A la mayoría de las personas nos sucede que en ciertos momentos sentimos ganas repentinas de acudir a la comida para calmar ciertas emociones, generalmente con algo dulce, el famoso “atracón”, y también suele suceder a la inversa, donde el hambre desaparece completamente.

¿Por qué relacionamos las emociones con el hecho de comer?

Desde nuestros primeros años de vida aprendemos acerca del rol social y cultural de la comida. Es usual que ante el llanto o el capricho de un niño/a se busque como salida ofrecerle un caramelo, chupetín o helado para así calmar su reacción. Crecemos aprendiendo a tapar las emociones de esta manera. 

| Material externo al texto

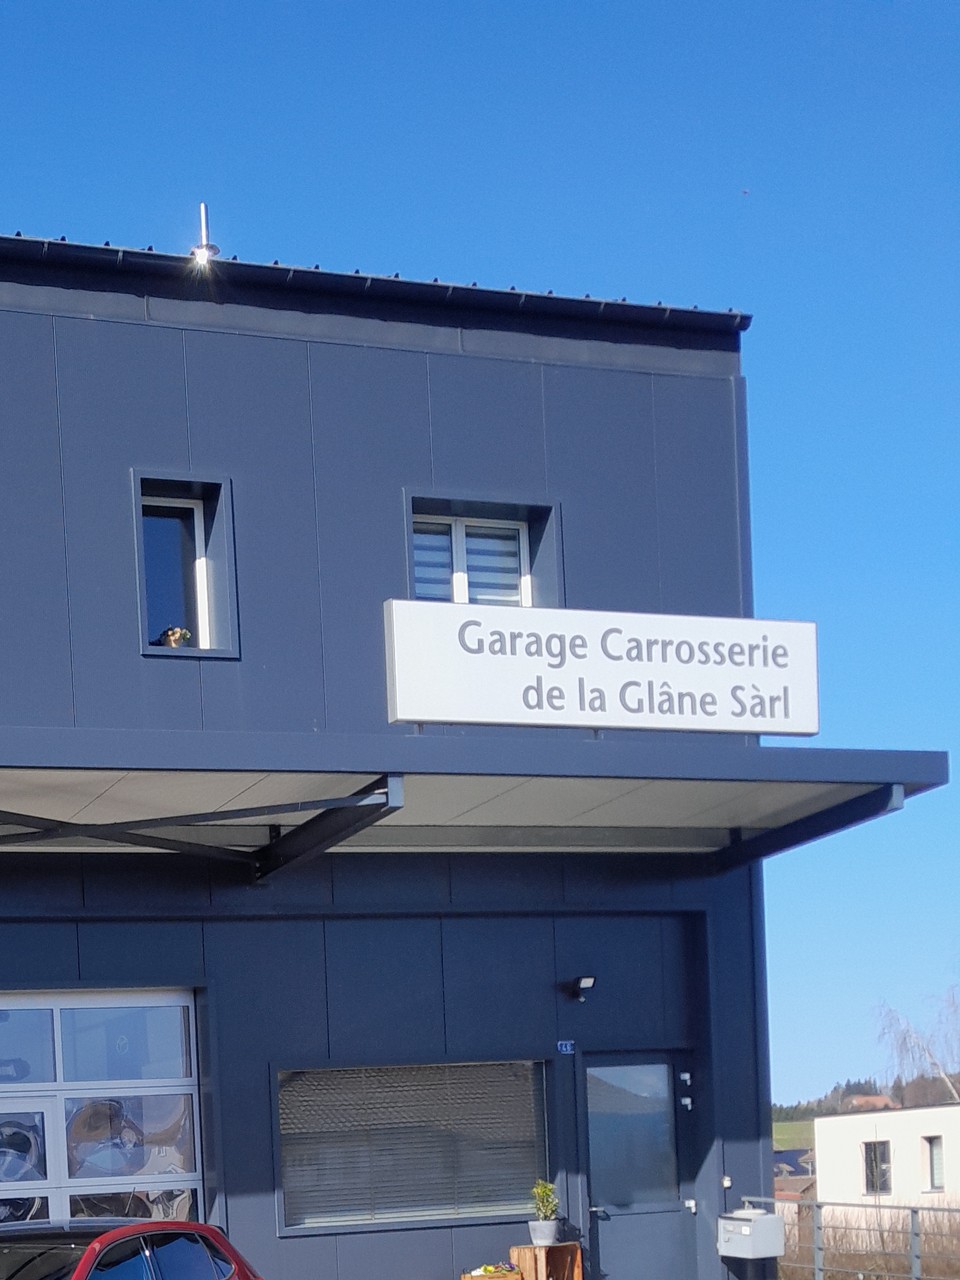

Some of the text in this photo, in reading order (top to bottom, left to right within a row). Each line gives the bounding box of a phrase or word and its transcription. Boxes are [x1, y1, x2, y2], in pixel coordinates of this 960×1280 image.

Internalizamos también que los festejos, cumpleaños, fiestas o reuniones, estén acompañados por alimentos. Es decir que hay un fuerte rol cultural que se hace base en nuestras experiencias desde muy chicos/as. 

Tanto a la felicidad como la tristeza solemos acompañarlas con comida. 

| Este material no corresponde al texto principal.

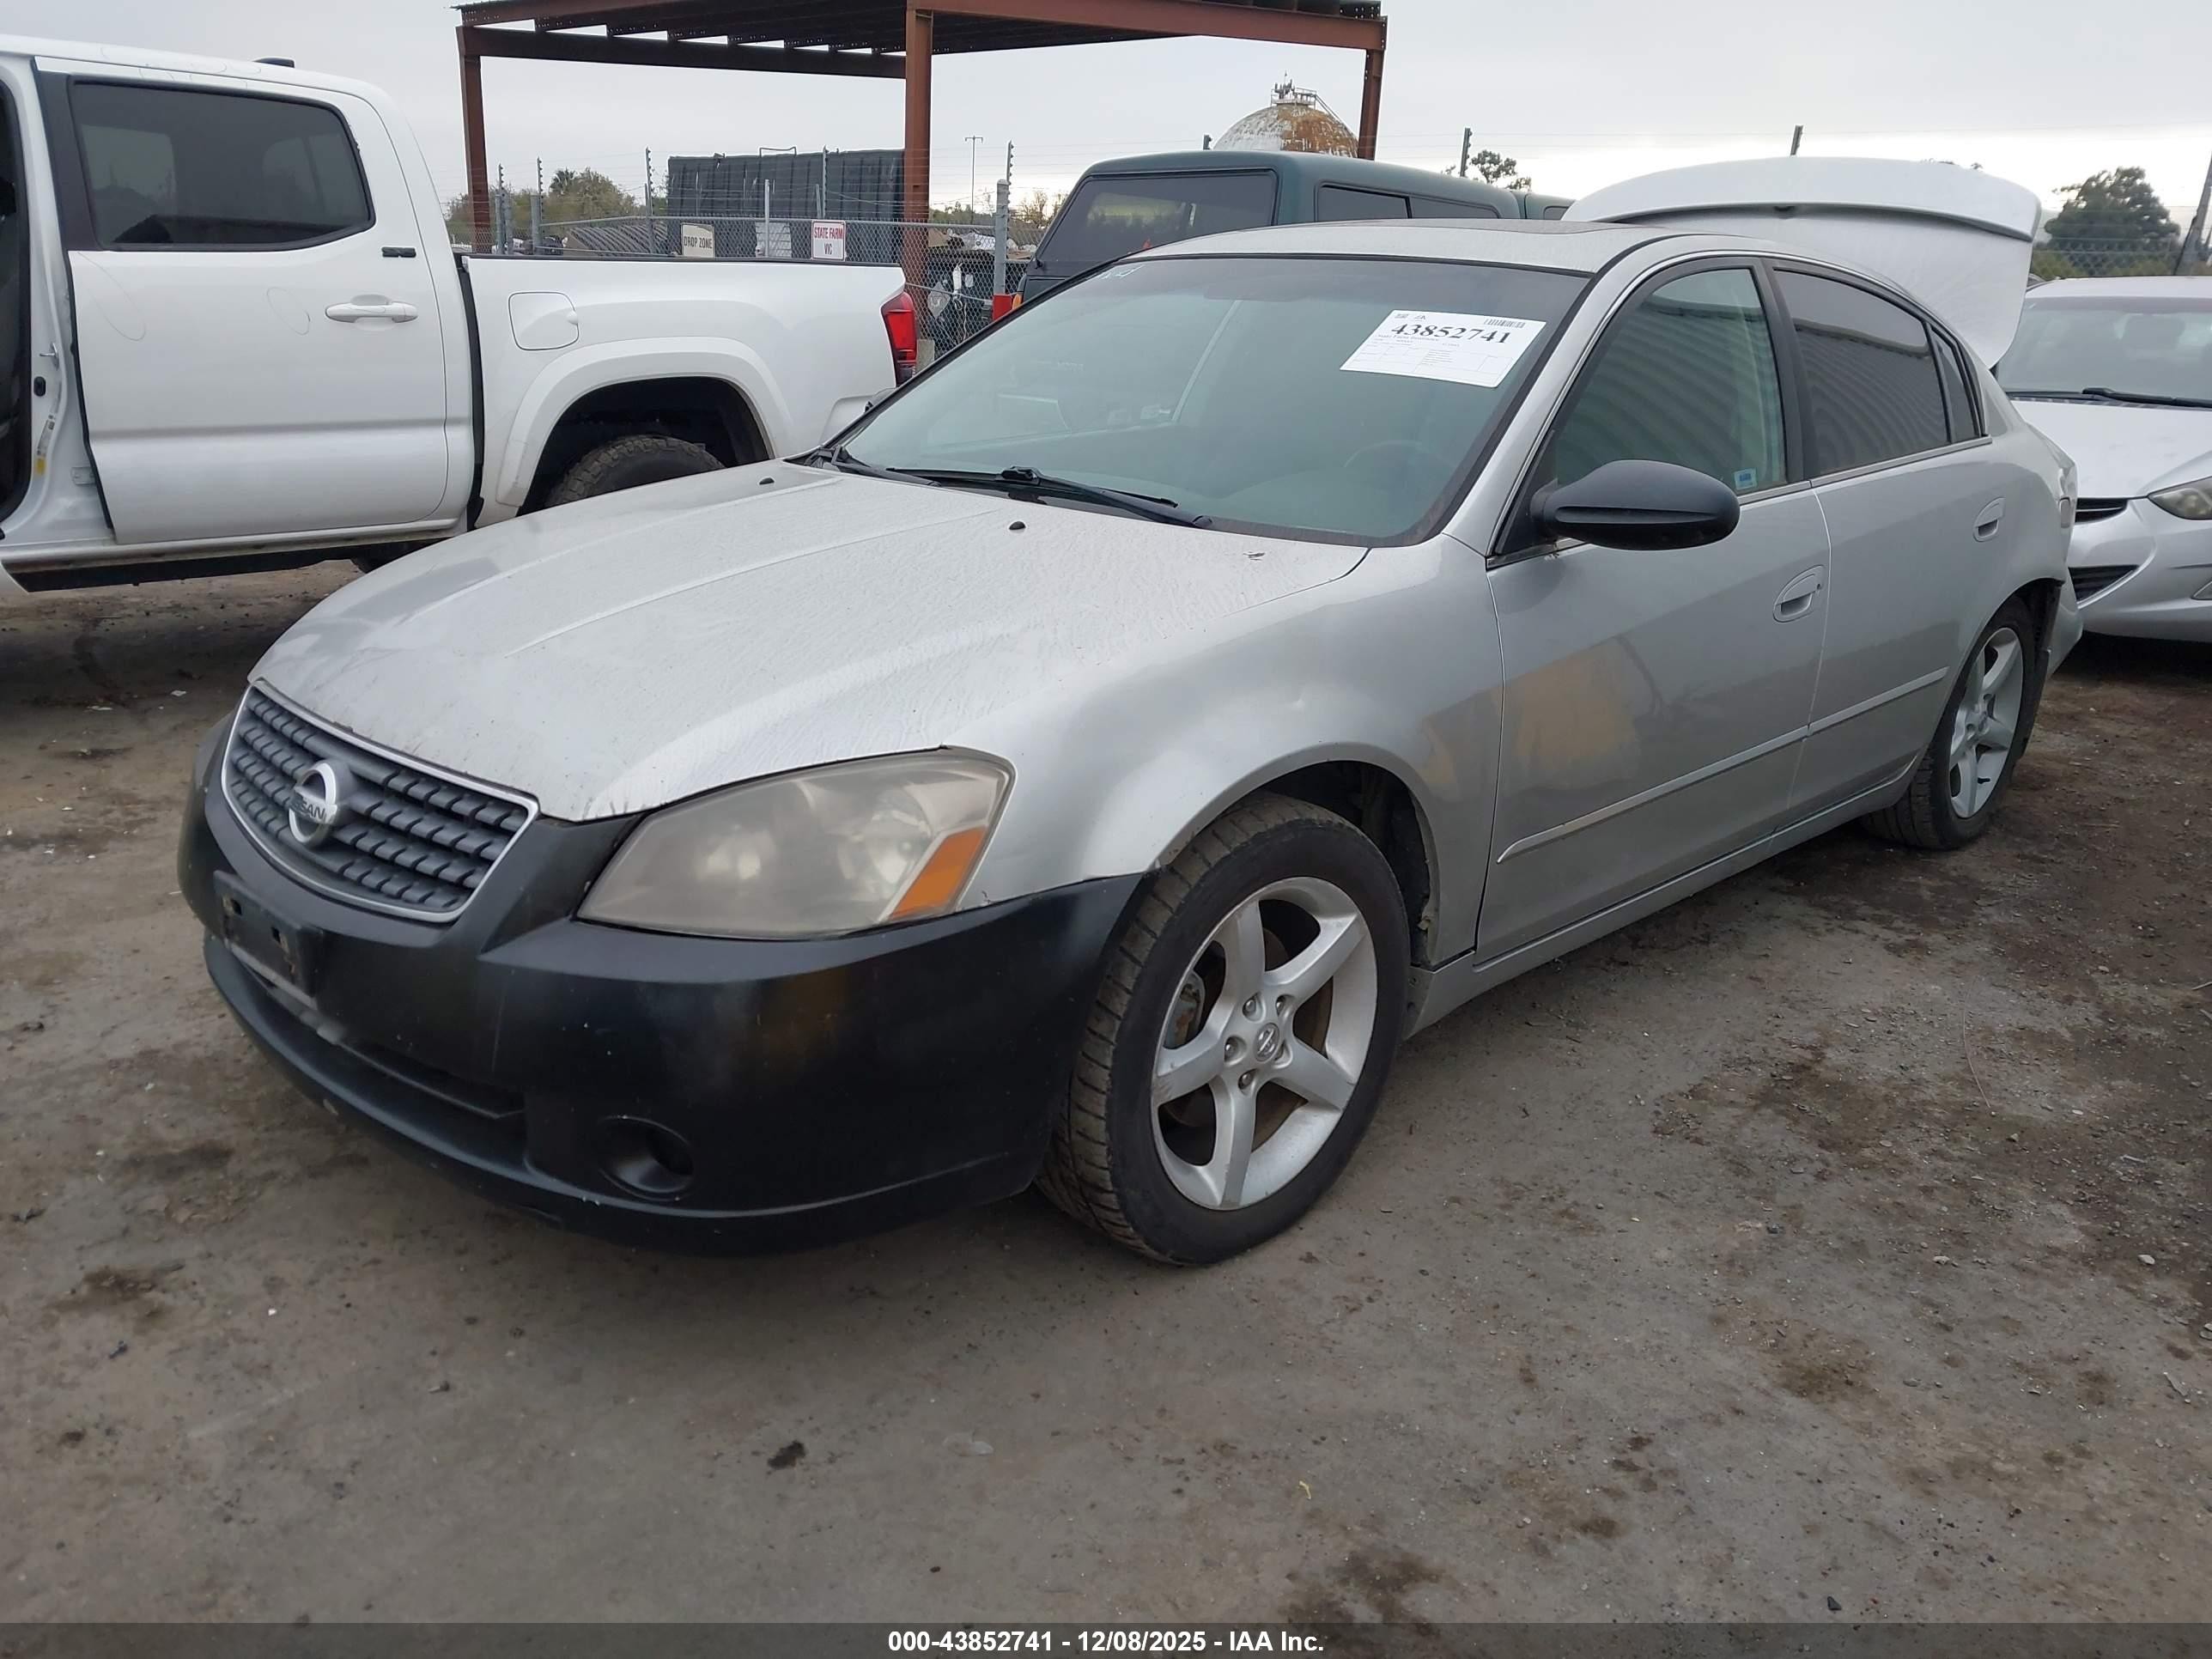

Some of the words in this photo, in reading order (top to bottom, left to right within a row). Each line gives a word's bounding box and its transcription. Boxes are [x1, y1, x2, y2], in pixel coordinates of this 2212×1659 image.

Ahora que lo conocemos y entendemos ¿Qué podemos hacer?

En posteos anteriores del blog, reflexionamos sobre el papel de las emociones. Estas no son buenas ni malas, sino que nos quieren decir algo, son un mensaje. El cuerpo habla, una manera saludable de gestionar esos mensajes es escuchando, volviendo a uno mismo. 

¿Cómo? buscando identificar esa situación o emoción que nos lleva a comer o a dejar de hacerlo. Hacernos preguntas: ¿Qué siento? ¿Me pasó algo particular que me puede haber hecho sentir así? ¿Reconozco esto que me pasa? ¿Ya me pasó alguna vez? ¿Tengo hambre o me pasa otra cosa?

Si estas situaciones suceden de formas aisladas y puntuales de nervios o estrés, tanto que se nos vaya el hambre o comamos sin control, es normal. Pero si esas situaciones nos ocurren reiteradas veces es importante prestar atención. Siempre considerando buscar ayuda profesional.

Es importante aprender a gestionar las emociones sin recurrir a la comida, ya que por déficit o por exceso de alimentos sostenido en el tiempo, las consecuencias a largo plazo en nuestra salud no son buenas. 

Un buen recurso para dicha gestión es reconocer en qué parte del cuerpo sentimos el hambre real y en qué parte sentimos el hambre emocional. Diferenciarlas nos va a ayudar a poder distinguir si nuestro cuerpo necesita alimentarse o expresarse. Para la segunda opción suele servir hablar con alguien, escribir lo que nos pasa, o algo tan simple como concentrarnos en respirar.

El deseo también tiene un rol importante, muchas veces tenemos ganas de comer algo rico sin que esto necesariamente sea hambre emocional. Hay que darle lugar al deseo, las restricciones solo nos llevan a más preocupaciones e impulsos. 

Estamos en automático muchas veces, hay que frenar, respirar y preguntarse. Intentar cambiar el enfoque, el chip, buscar momentos de despejes, pequeños, para dar espacio y aire a nuevos recursos.